There are many admirable things about Child Of Light. It's the game that the core team behind Far Cry 3 – the mega-action, gnarly dude first-person shooter ‑ went on to work on next. Yet, it's difficult to imagine two games further from each other.
In Child Of Light, you play Aurora – a princess who falls into a deathly sleep to wake up in a dreamworld dominated by darkness. To return to her grieving father in the real world, she must defeat a wicked queen there. Able to fly, followed by a glowing, controllable orb of light and floating her way through a beautifully detailed landscape of giant forests, flying pigs and talking crows, it's difficult to see much in common between Child Of Light and Far Cry 3.
There is however a strand that connects the two – both are not just visually stunning (Far Cry 3's lush jungle paradise versus hand-drawn caverns and Aurora's amazing floating red hair), but both also feature wonderfully balanced gameplay.
Child Of Light is a homage to Japanese role-playing games (like the Final Fantasy series). In the game, whenever you encounter an enemy, you're dropped into a turn-based strategic battle screen. As each character's turn comes up you choose what action they take from a strategically diverse range of options.
Do you attack or defend? Glug a healing potion or cast a spell? Swap another character in your party into the battle or build up for a bigger attack? This blizzard of options is made more complex because each of your and your enemies' actions plays out on a time bar at the bottom of the screen.
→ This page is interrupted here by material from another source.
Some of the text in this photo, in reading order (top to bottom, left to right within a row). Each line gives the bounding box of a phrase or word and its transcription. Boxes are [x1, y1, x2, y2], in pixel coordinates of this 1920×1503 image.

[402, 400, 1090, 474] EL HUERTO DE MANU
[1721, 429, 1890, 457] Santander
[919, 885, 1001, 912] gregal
If you interrupt an enemy before their bar switches from the moment they make a decision to the moment their action takes place, you set them back (and vice versa, with your actions also interruptable). Timing suitable actions to the best strategic moment becomes vital.
On top of that, you can move your controllable light orb to hover in front of one enemy (you usually face off against three at a time). Blinding them slows down their action bar – increasing combat choice again. The result is a fantastically balanced and varied palette of moves you spend two thirds of the game learning before difficulty kicks up a notch in the final sections.
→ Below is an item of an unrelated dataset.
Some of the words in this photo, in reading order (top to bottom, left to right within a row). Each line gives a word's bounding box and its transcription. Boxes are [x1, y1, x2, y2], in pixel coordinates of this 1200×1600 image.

Beautiful aesthetics and finely honed strategic combat will only take a game so far though. So much attention has been lavished on the visuals and combat encounters, there was clearly no time left for plotting – leaving Aurora and her twee companions undernourished in terms of having a point or making you care about them. A lamentable decision to have all dialogue in rhyming couplets also doesn't help. The final result is an aesthetic and gameplay success you're likely to find empty in terms of emotional connection.
- Child Of Light is out now for PC, PS3, PS4, Wii U, Xbox One, Xbox 360. Developed by Ubisoft Montreal and Published by Ubisoft.